Books That Inspired Me In 2016

After what I could only describe as a severe “reading drought” during my twenties, in the last year or two I’ve rekindled my love for a good book. I’ve realised that I have a thirst for knowledge on certain topics and love learning more. Fiction and novels aren’t quite hitting the spot for me right now (although I did race through The Hunger Games series in record time), but I’m sure I’ll rediscover them again in the future. For the time being, topics around food, the environment, waste and a little self help thrown in for good measure is where I’m at.
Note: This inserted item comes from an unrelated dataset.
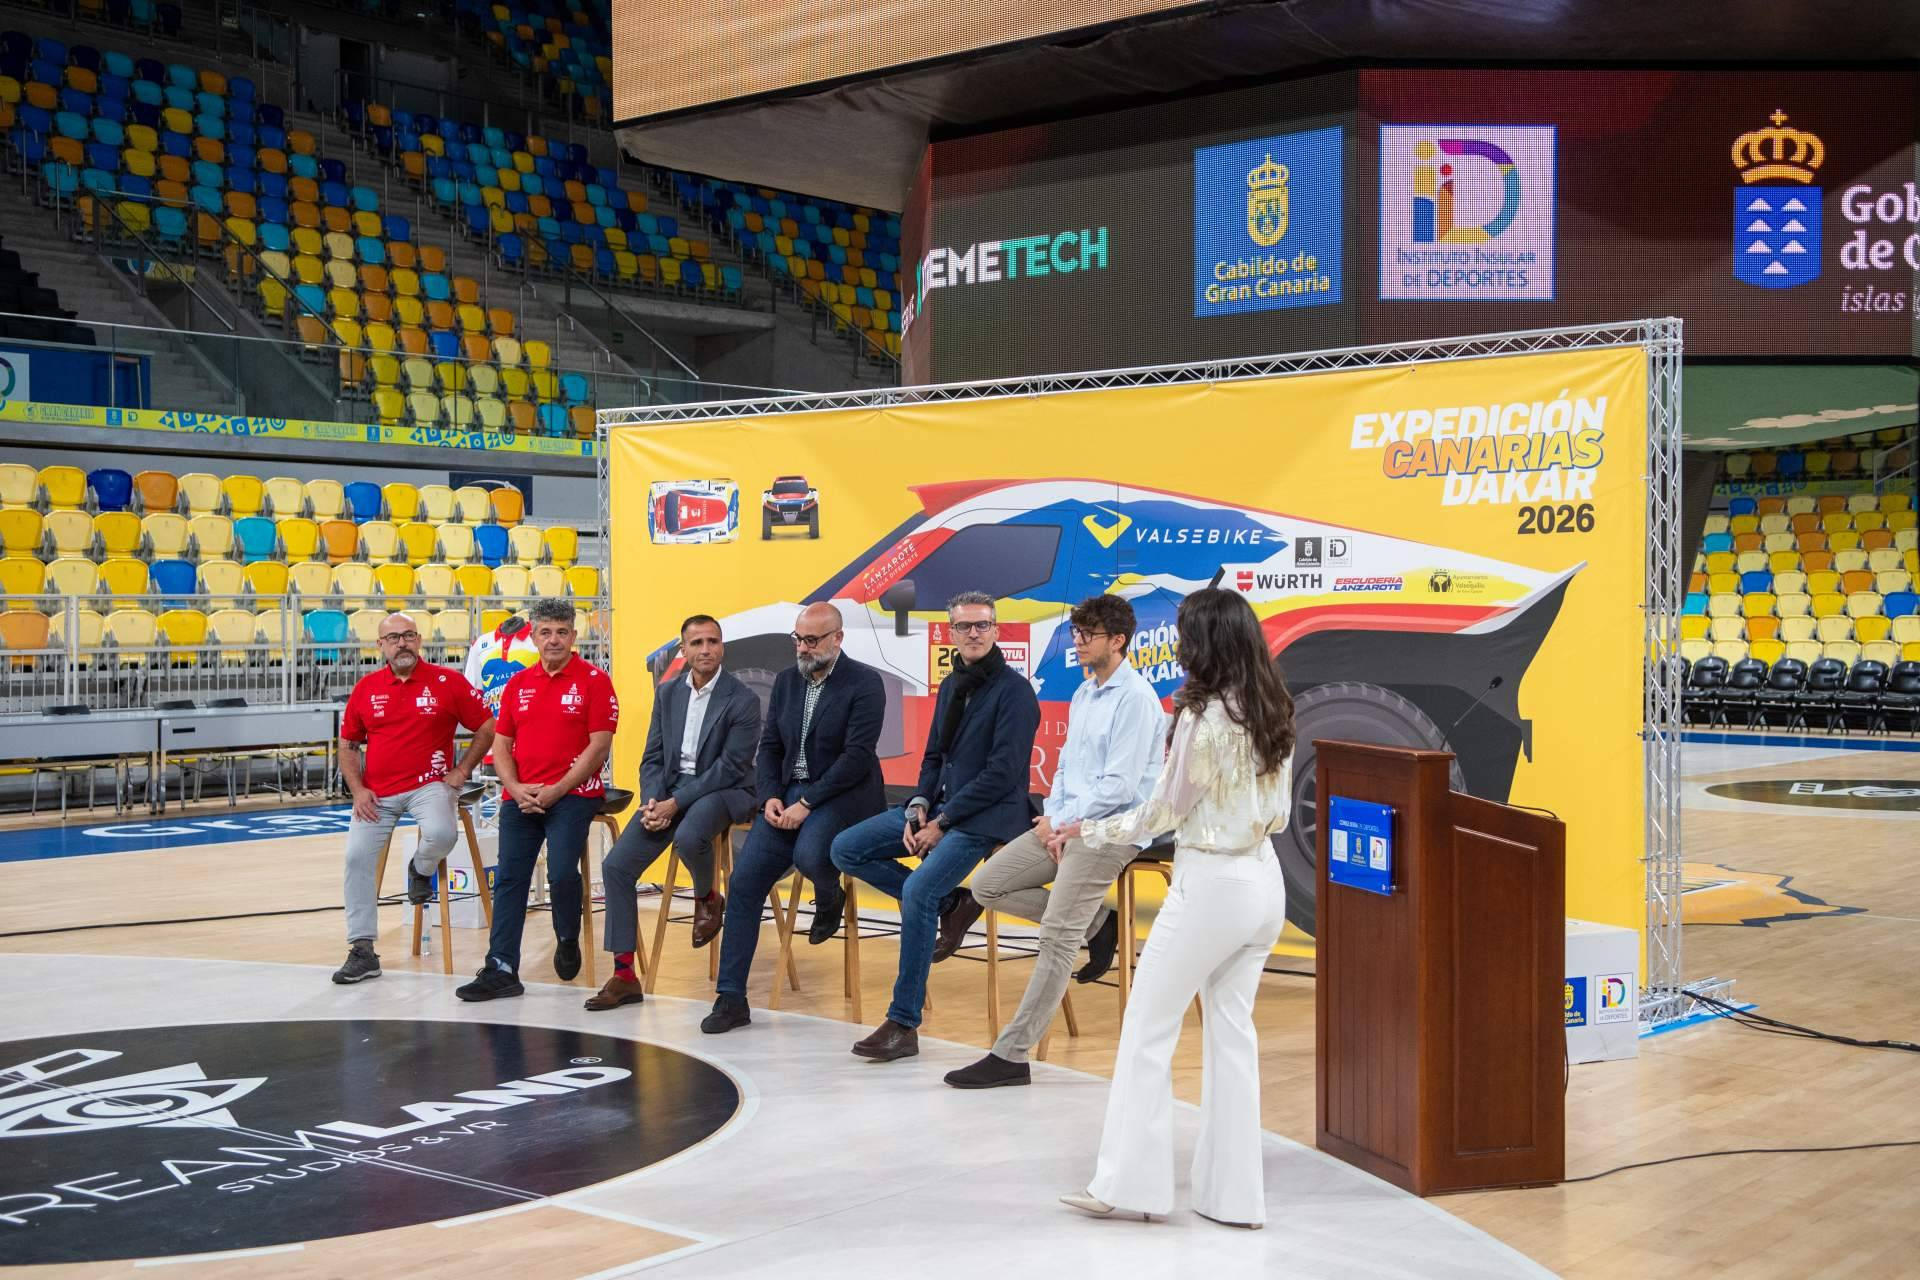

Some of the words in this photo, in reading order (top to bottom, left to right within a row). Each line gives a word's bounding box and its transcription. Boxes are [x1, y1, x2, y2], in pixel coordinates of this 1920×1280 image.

Whilst downloading the books on to a kindle, iPad or phone would be the most zero waste way to go, I find I engage in books much more if I have a physical copy. Something about reading from a lit up screen that doesn’t work for me. Instead,  I try to buy either second hand where possible or support a local, independent book shop close by. I also sometimes use Waterstones, as you can order your books to your nearest store and pick it up without any packaging. Or just wander in and buy it off the shelf. I don’t use the library as I find I often like to refer back to the pages of the books, or read three at once, switching between them every few days. I think the pressure of having to return it would stress me out a little and I’d start to feel like reading was becoming a chore. But I totally agree, borrowing from a library would be a great option if you don’t mind a time limit.

So here are some of the books I really enjoyed reading in 2016 (affiliate links marked with *).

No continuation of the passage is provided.